START RECORDS

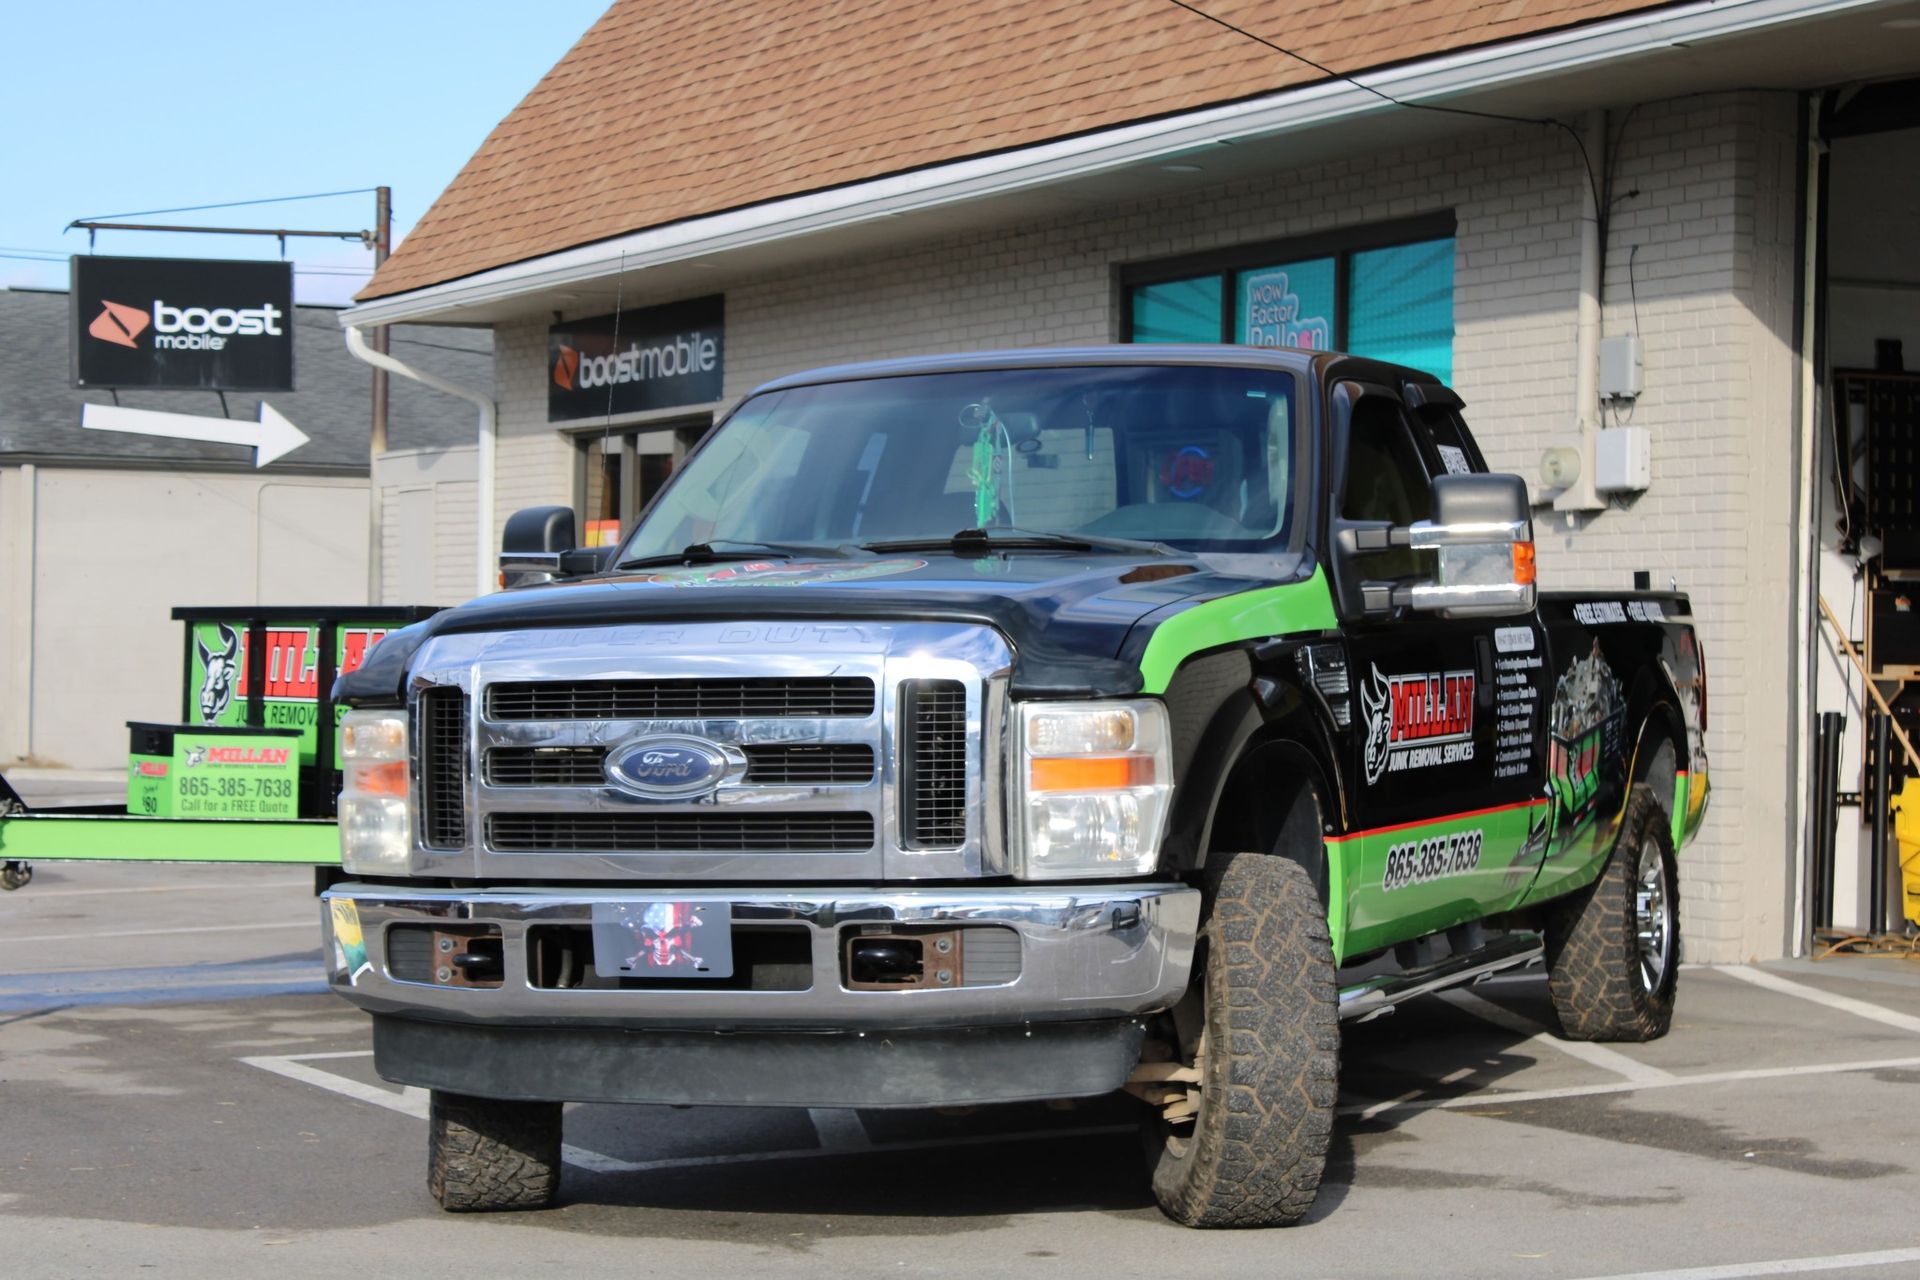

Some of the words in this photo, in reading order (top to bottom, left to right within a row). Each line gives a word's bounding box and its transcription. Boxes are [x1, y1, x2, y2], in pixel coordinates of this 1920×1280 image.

[1252, 284, 1281, 304] WOW
[154, 299, 282, 336] boost
[1250, 303, 1293, 325] Factor
[154, 333, 225, 351] mobile
[717, 625, 893, 645] DUTY
[1388, 671, 1475, 748] MILLAN
[637, 751, 694, 777] Ford
[1388, 750, 1409, 772] JUNK
[1408, 746, 1443, 769] REMOVAL
[1443, 741, 1475, 764] SERVICES
[179, 776, 292, 798] 865-385-7638
[181, 799, 200, 812] Call
[204, 799, 219, 812] for
[221, 803, 228, 812] a
[231, 800, 256, 813] FREE
[259, 800, 289, 814] Quote
[1383, 830, 1483, 891] 865-385-7638
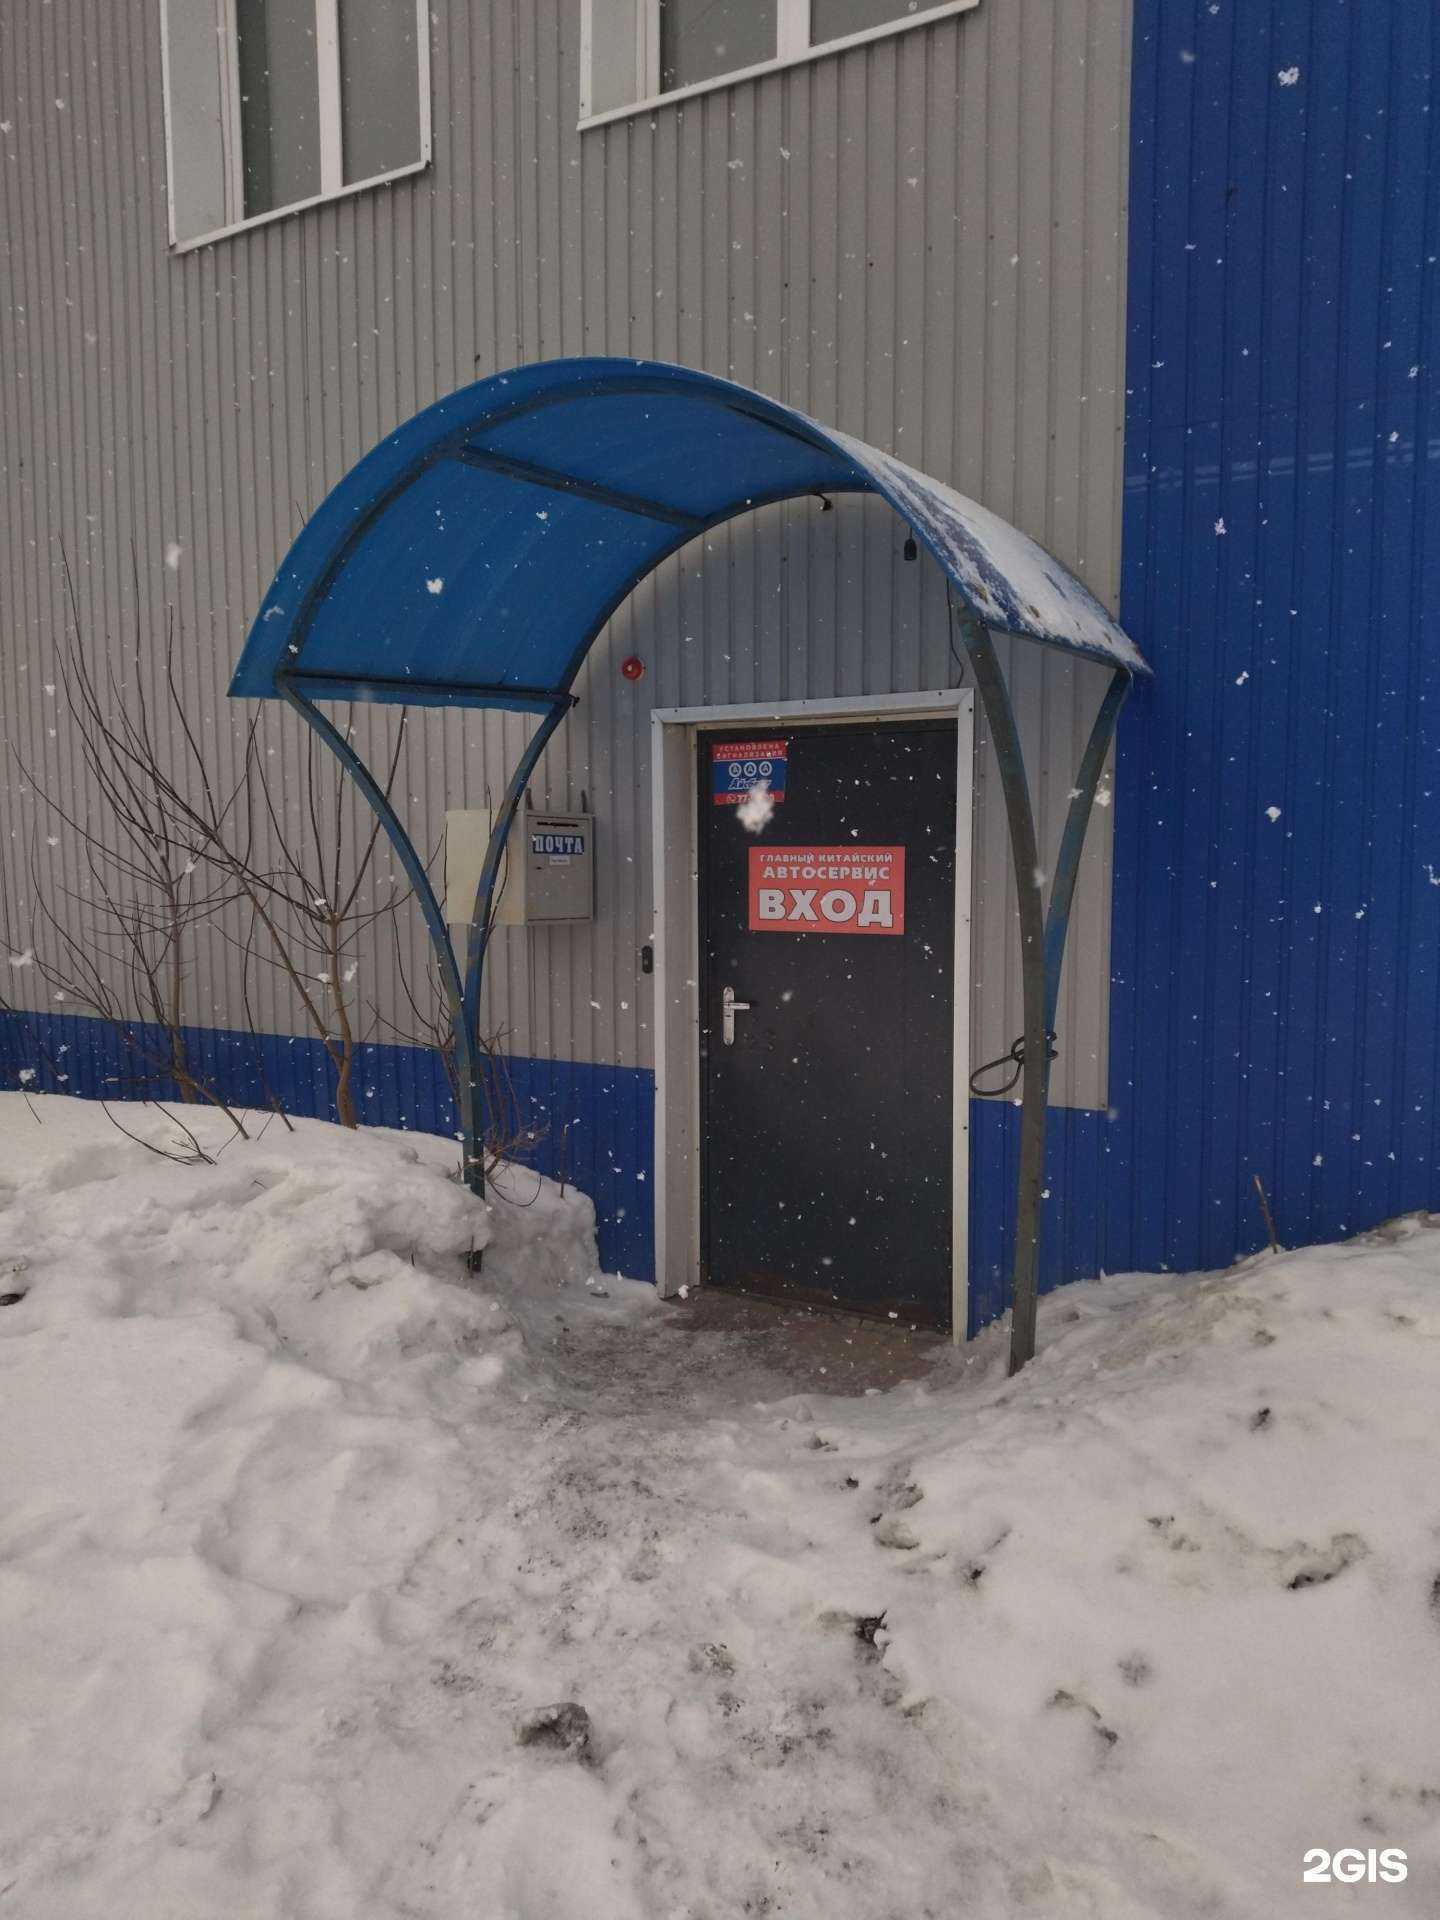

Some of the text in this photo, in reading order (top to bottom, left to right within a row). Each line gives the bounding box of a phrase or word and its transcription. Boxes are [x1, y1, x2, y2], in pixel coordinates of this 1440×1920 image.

[716, 750, 783, 760] СИГНАЛИЗАИЯ
[535, 835, 583, 853] ПОЧТА
[760, 852, 893, 863] ГЛАВНЫЙ КИТАЙСКИЙ
[763, 866, 890, 879] АВТОСЕРВИС
[758, 888, 894, 928] ВХОД

END RECORDS

Every record is to be restated word for word, with the pictures left out.

TASK ANSWER:
Some of the words in this photo, in reading order (top to bottom, left to right within a row). Each line gives a word's bounding box and its transcription. Boxes are [x1, y1, x2, y2], in pixel coordinates of this 1920×1280 image.

[1252, 284, 1281, 304] WOW
[154, 299, 282, 336] boost
[1250, 303, 1293, 325] Factor
[154, 333, 225, 351] mobile
[717, 625, 893, 645] DUTY
[1388, 671, 1475, 748] MILLAN
[637, 751, 694, 777] Ford
[1388, 750, 1409, 772] JUNK
[1408, 746, 1443, 769] REMOVAL
[1443, 741, 1475, 764] SERVICES
[179, 776, 292, 798] 865-385-7638
[181, 799, 200, 812] Call
[204, 799, 219, 812] for
[221, 803, 228, 812] a
[231, 800, 256, 813] FREE
[259, 800, 289, 814] Quote
[1383, 830, 1483, 891] 865-385-7638

Some of the text in this photo, in reading order (top to bottom, left to right within a row). Each line gives the bounding box of a phrase or word and its transcription. Boxes are [x1, y1, x2, y2], in pixel coordinates of this 1440×1920 image.

[716, 750, 783, 760] СИГНАЛИЗАИЯ
[535, 835, 583, 853] ПОЧТА
[760, 852, 893, 863] ГЛАВНЫЙ КИТАЙСКИЙ
[763, 866, 890, 879] АВТОСЕРВИС
[758, 888, 894, 928] ВХОД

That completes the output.